Seulement Antonio Scurati a du talent, certes il a trouvé le scénario déjà écrit et le casting choisi mais a su réaliser une mise en scène de haute volée avec dialogues et décors de premiers choix.
La force de l'écrivain est de donner de l'épaisseur, de la chair aux hommes et aux évènements, là où l'historien retrace froidement et souvent platement les faits établis. Avec des chapitres nerveux, terminés par des extraits de presse ou de discours, Scurati donne un rythme soutenu qui lui permet de garder la main sur son lecteur surtout s'il est, comme moi, ignorant de la matière. Pas de commentaires de l'auteur sur les faits, mais l'on sent souvent de l'ironie et de la tristesse au coin d'une phrase devant les comportements attristants qui ont laissé M accéder au pouvoir.

L'aspect littéraire étant réussi, reste à évoquer l'essentiel : les faits historiques. A l'issue de la Grande Guerre l'Italie est dans le camp des vainqueurs mais se sent mal récompensée et l'amertume s'installe dans les esprits, particulièrement dans ceux des Arditis. Ces soldats hardis de première ligne ont pris le goût de la violence et du sang, désoeuvrés ils n'aspirent qu'à retrouver des combats et seront la base du mouvement fasciste. N'ayant rien à perdre ils sont prêts à toutes les extrémités.

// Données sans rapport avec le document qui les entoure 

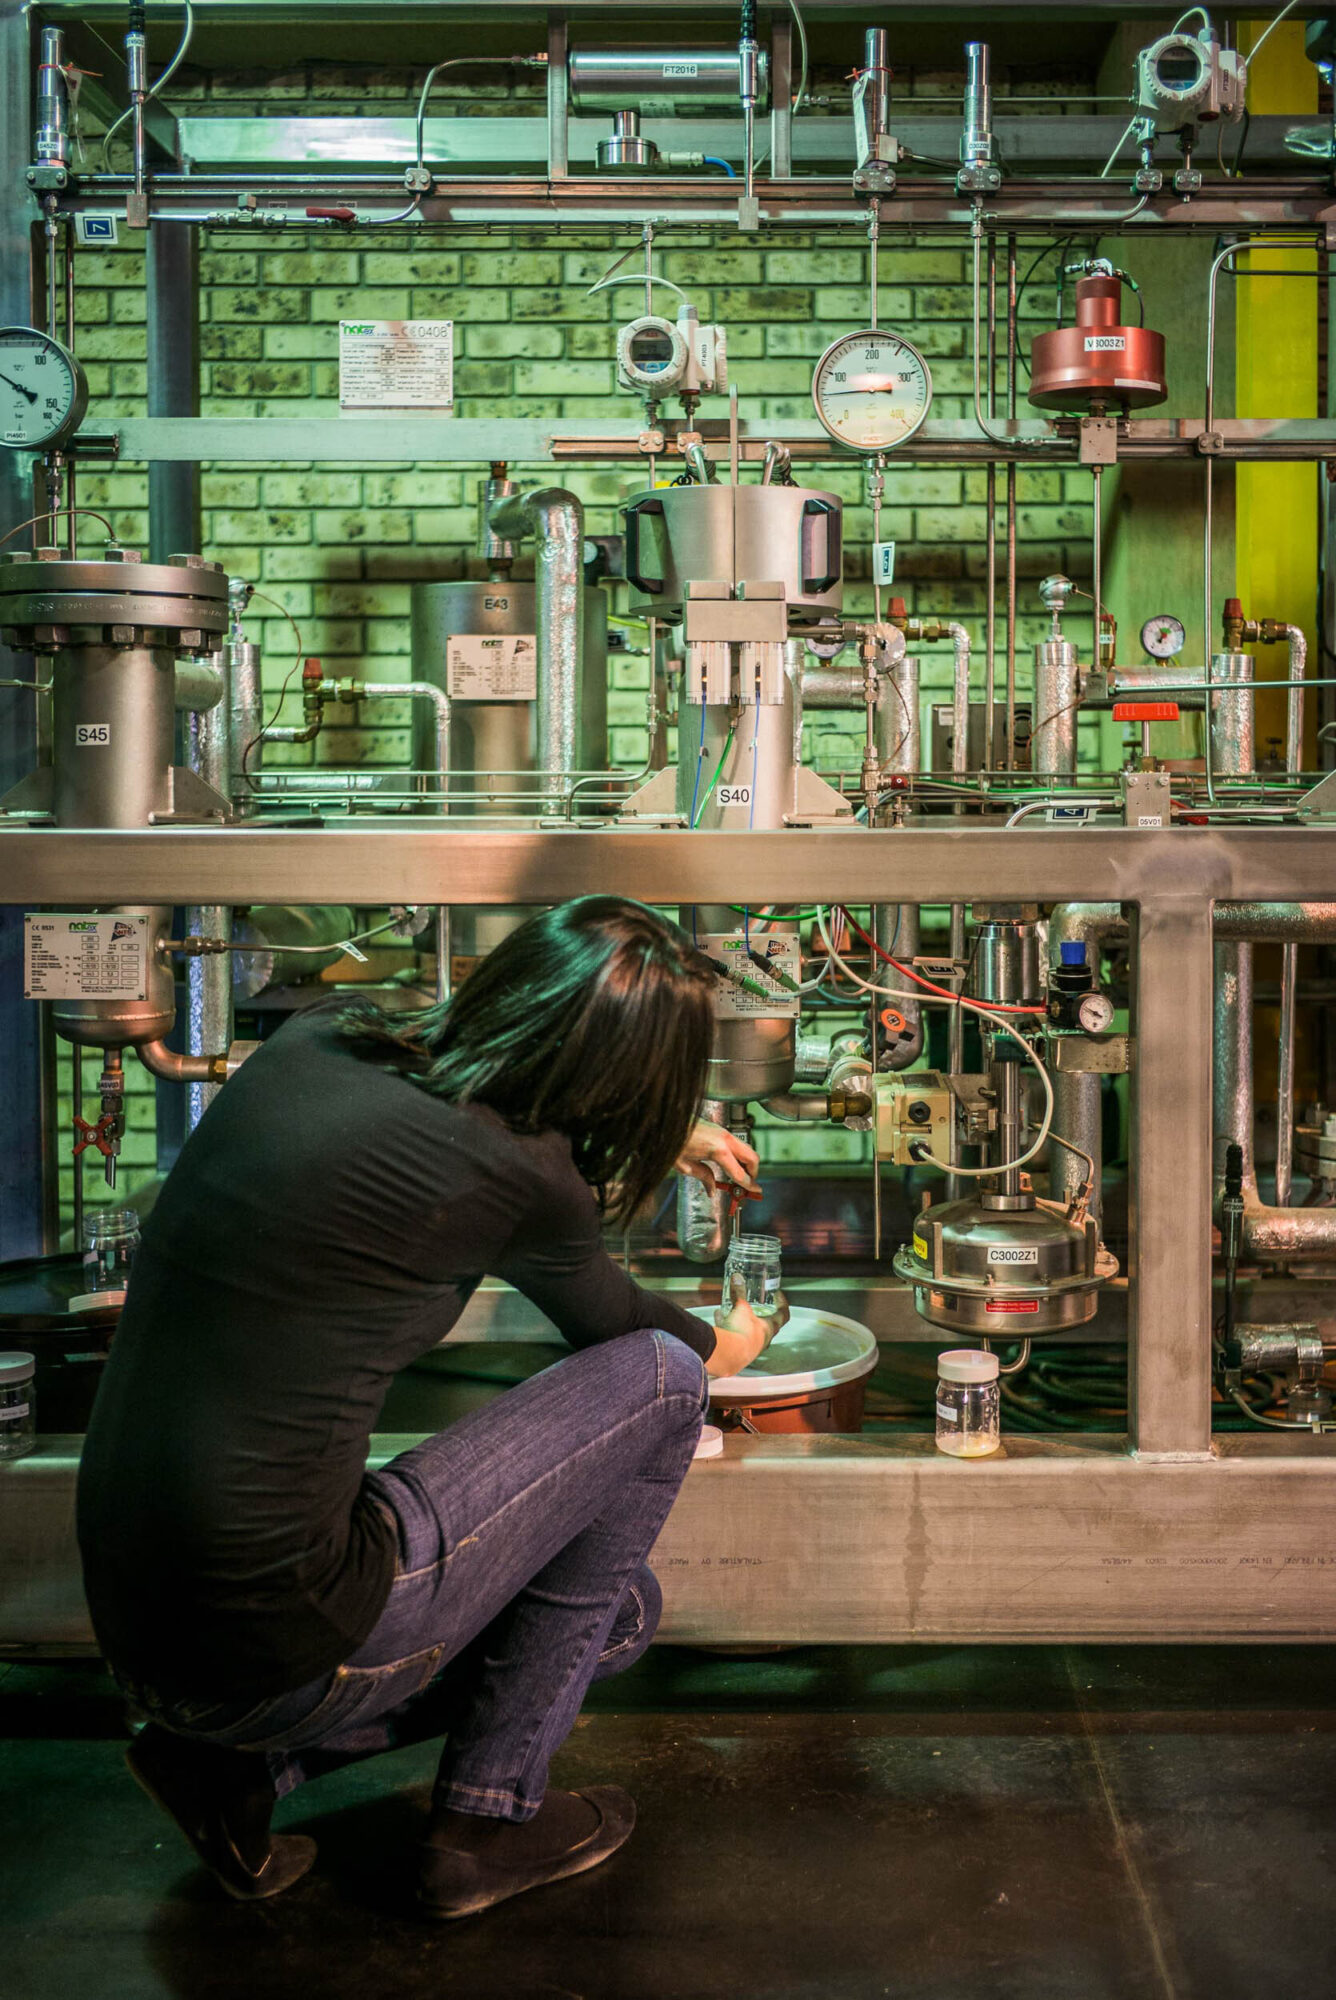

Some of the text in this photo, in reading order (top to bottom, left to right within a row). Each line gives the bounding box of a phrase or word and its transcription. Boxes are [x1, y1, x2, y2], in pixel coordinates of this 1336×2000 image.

[664, 65, 696, 74] FT2016
[418, 326, 448, 337] 0408
[34, 355, 47, 365] 100
[865, 349, 880, 360] 200
[834, 372, 847, 382] 100
[898, 372, 911, 382] 300
[46, 398, 58, 408] 150
[484, 598, 508, 610] E43
[78, 727, 107, 742] S45
[720, 788, 750, 803] S40
[990, 1250, 1036, 1261] C3002Z1
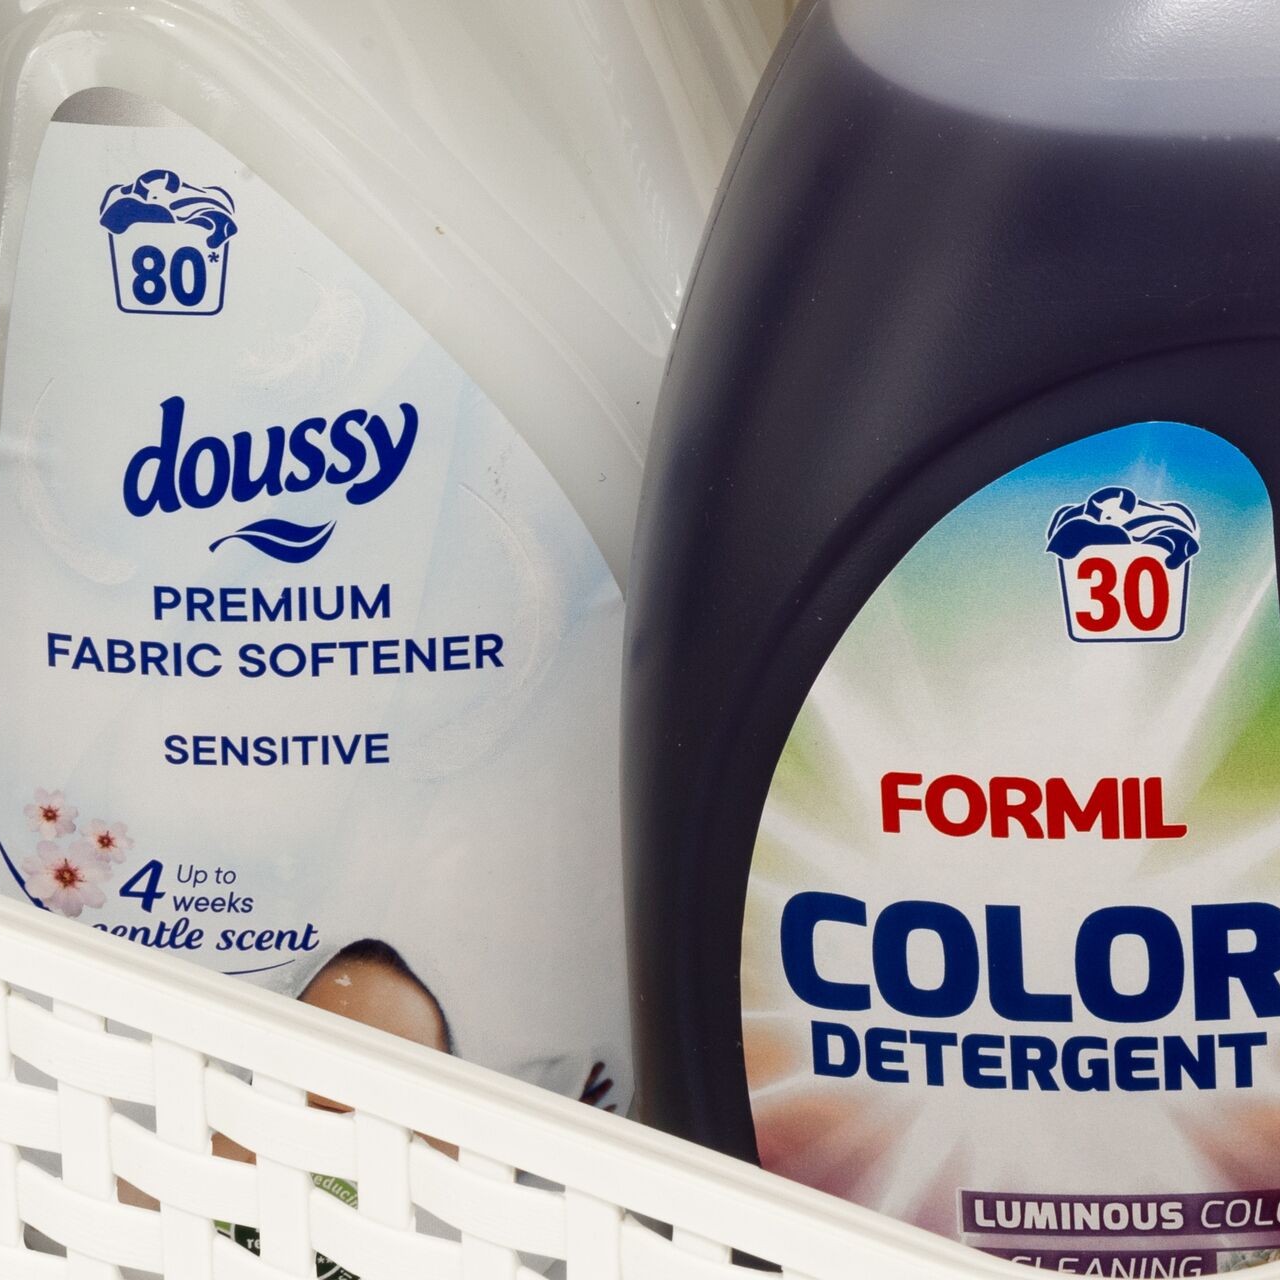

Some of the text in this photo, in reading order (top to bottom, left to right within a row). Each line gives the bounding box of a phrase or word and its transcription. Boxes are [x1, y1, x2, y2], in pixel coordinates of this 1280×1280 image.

[123, 396, 418, 517] doussy
[154, 584, 390, 621] PREMIUM
[1076, 557, 1168, 631] 30
[47, 633, 503, 678] FABRIC SOFTENER
[165, 734, 389, 765] SENSITIVE
[880, 771, 1188, 840] FORMIL
[119, 859, 166, 913] 4
[177, 864, 237, 888] Up to
[173, 892, 254, 913] weeks
[93, 917, 320, 951] entle scent
[811, 1020, 1267, 1092] DETERGENT
[974, 1199, 1184, 1231] LUMINOUS
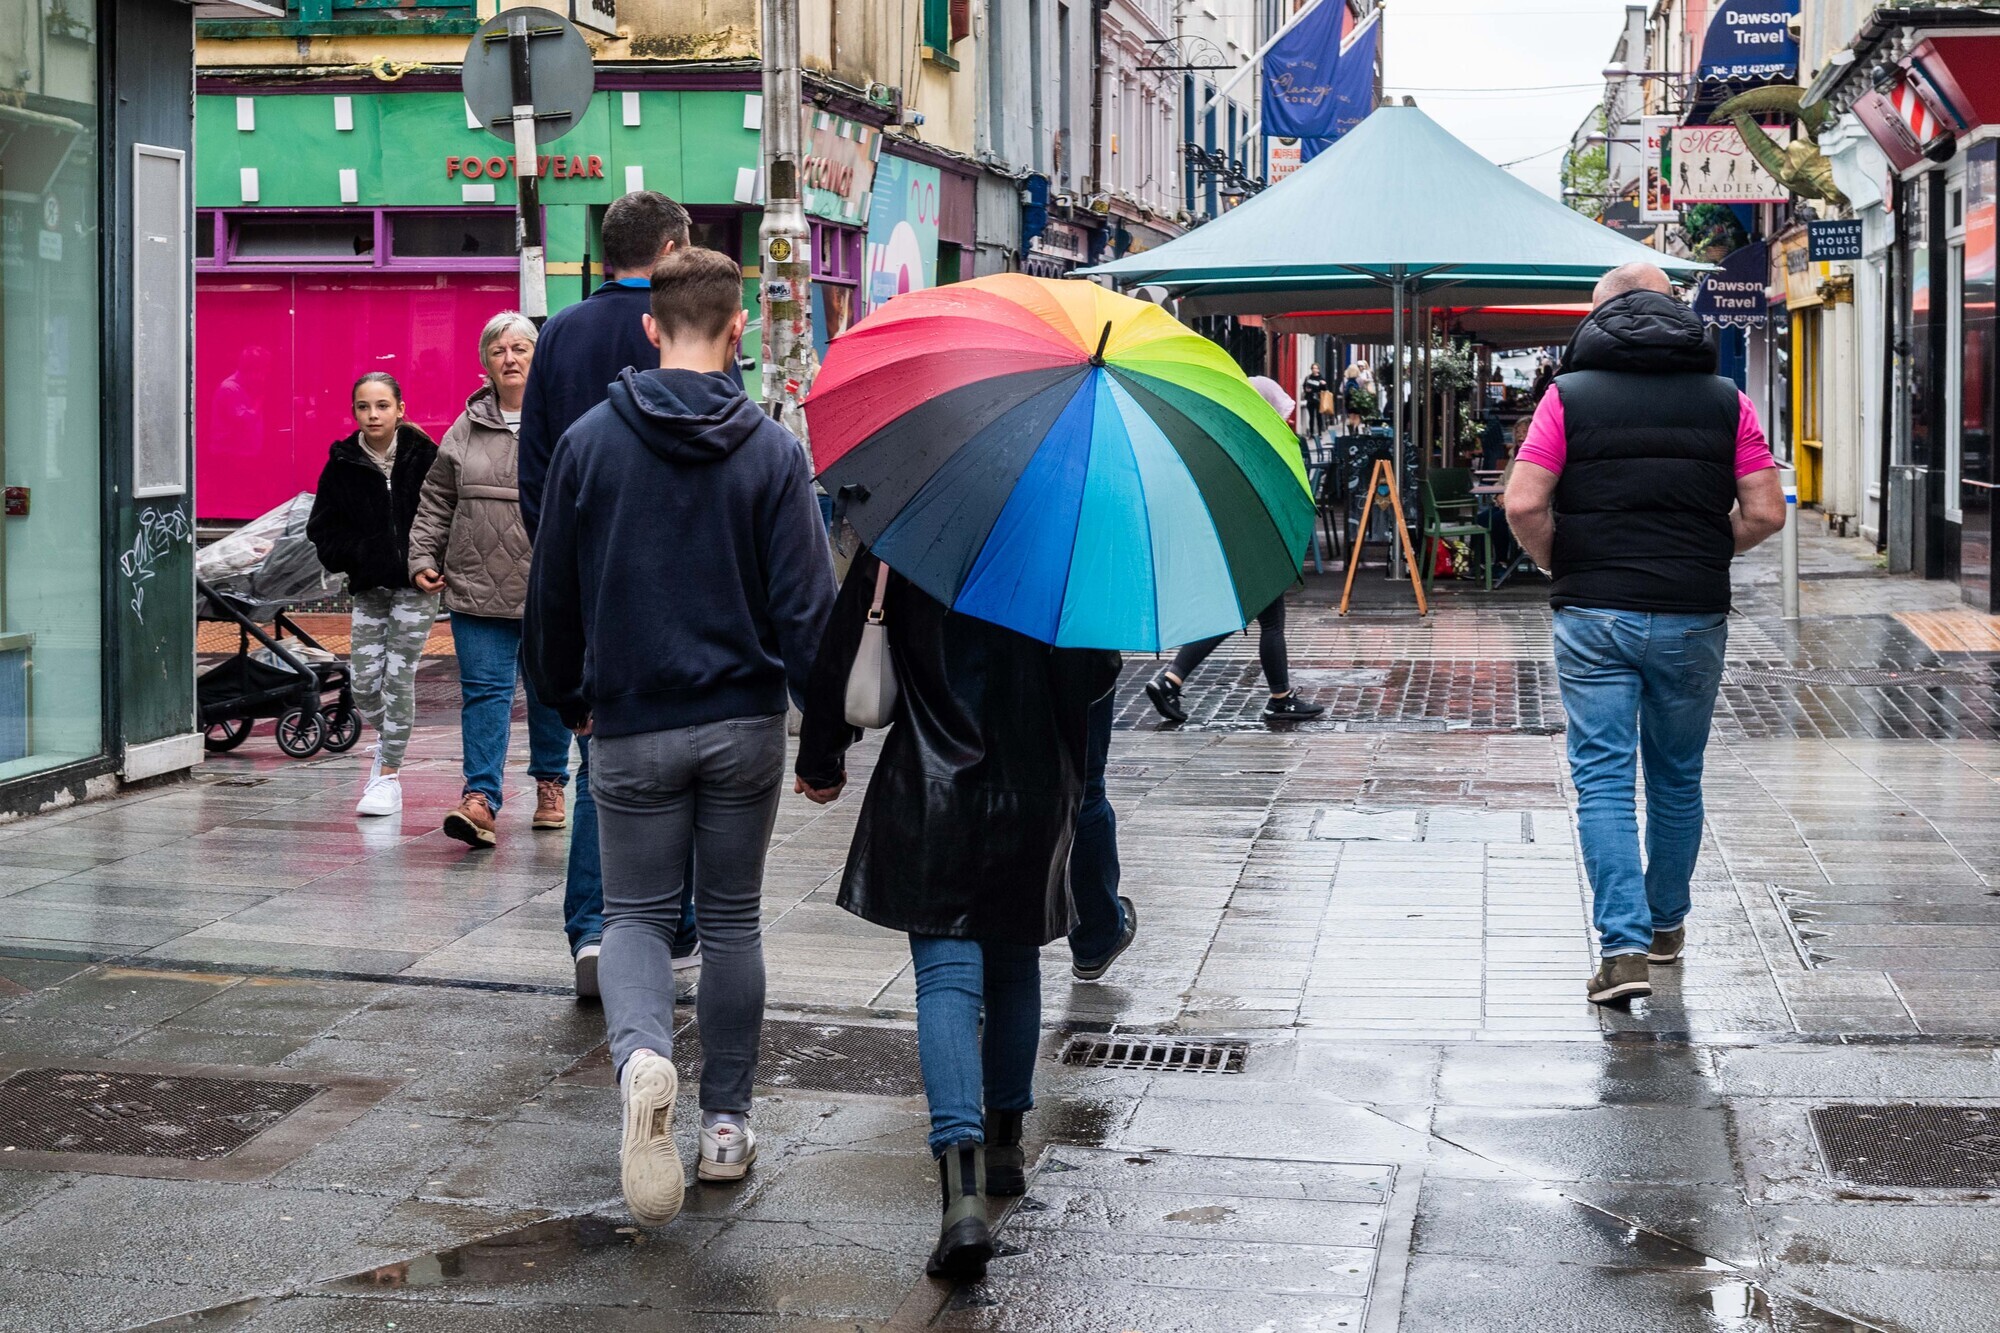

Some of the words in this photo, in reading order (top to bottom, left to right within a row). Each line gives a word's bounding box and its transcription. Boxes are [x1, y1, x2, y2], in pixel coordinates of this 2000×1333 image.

[1726, 10, 1792, 25] Dawson
[1733, 29, 1784, 44] Travel
[1711, 65, 1728, 74] Tel:
[1731, 65, 1747, 73] 021
[446, 155, 604, 179] FOOTWEAR
[1699, 184, 1763, 192] LADIES
[1812, 226, 1861, 236] SUMMER
[1818, 236, 1857, 245] HOUSE
[1815, 246, 1859, 256] STUDIO
[1707, 279, 1763, 291] Dawson
[1713, 295, 1756, 308] Travel
[1702, 314, 1716, 322] Tel:
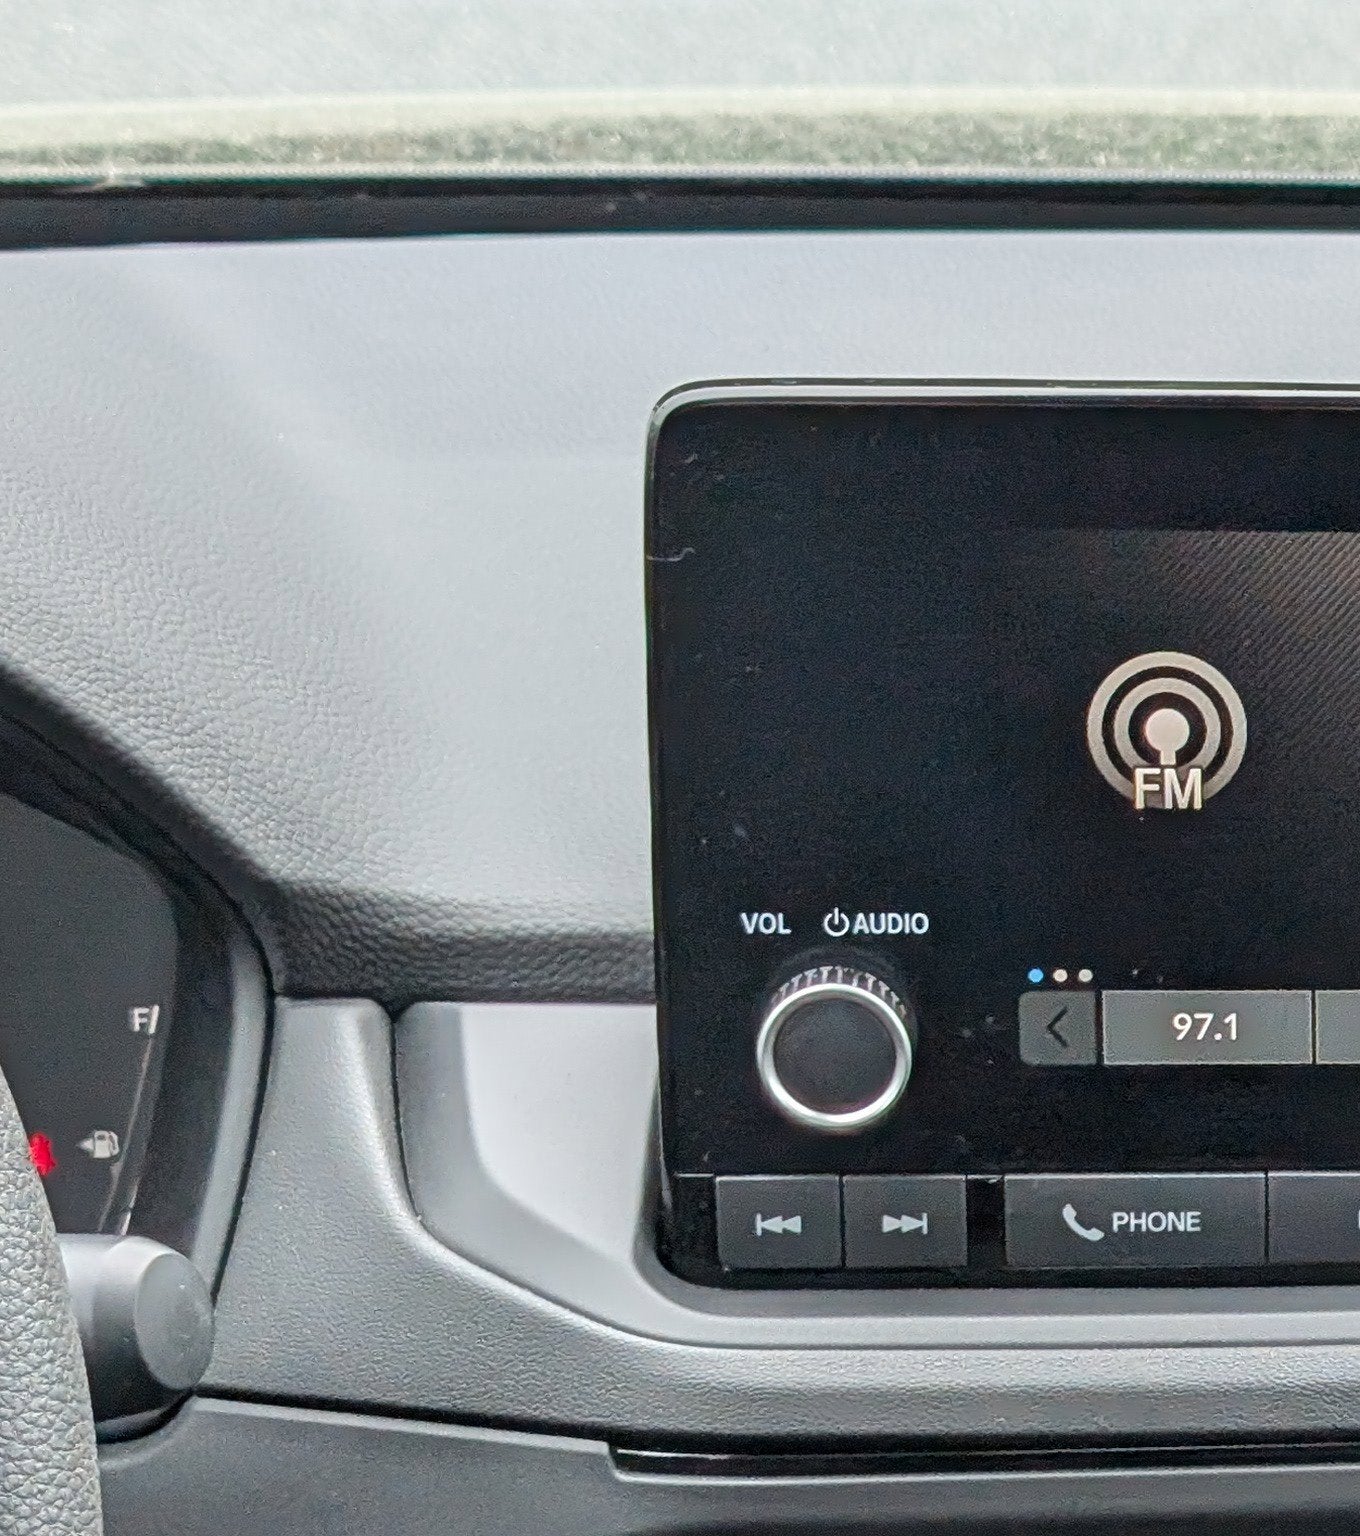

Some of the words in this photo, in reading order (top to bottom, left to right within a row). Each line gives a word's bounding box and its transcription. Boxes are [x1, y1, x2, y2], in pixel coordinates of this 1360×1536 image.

[1134, 767, 1202, 810] FM
[740, 912, 792, 935] VOL
[852, 912, 930, 935] AUDIO
[1172, 1012, 1238, 1041] 97.1
[1111, 1210, 1202, 1233] PHONE

Mussolini ancien socialiste ayant pris le parti de la guerre va comprendre qu'entre le socialisme qui fait peur à la société italienne et les partis conservateurs il y a une place à prendre pour des hommes déterminés que la violence n'effraie pas.
Virtuose du retournement de veste il saura jouer des antagonismes des partis et de la faiblesse de l'état pour s'imposer en n'hésitant pas à lâcher les chiens, en encourageant bastonnades, attentas et assassinats. Pour arriver à faire croire à l'Italie qu'il était l'homme fort dont le pays avait besoin pour arrêter les désordres qu'il avait lui-même organisés.

Evidemment comparer les années trente et notre époque est un exercice peu réaliste, mais il n'est pas inutile de retenir qu'un petit groupe violent et déterminé, face à une démocratie faible et divisée qui hésite à employer la force, peut l'emporter. Il aurait suffi lors de la marche sur Rome des fascistes en 1922 de quelques coups de canons pour que l'aventure de Mussolini finisse dans un fossé.
Ensuite la tentation de l'homme providentiel n'est jamais loin pour un peuple, la force physique, la virilité affichées par M ont su séduire une population déboussolée et qui en avait assez des années de violence. C'est quand même à méditer.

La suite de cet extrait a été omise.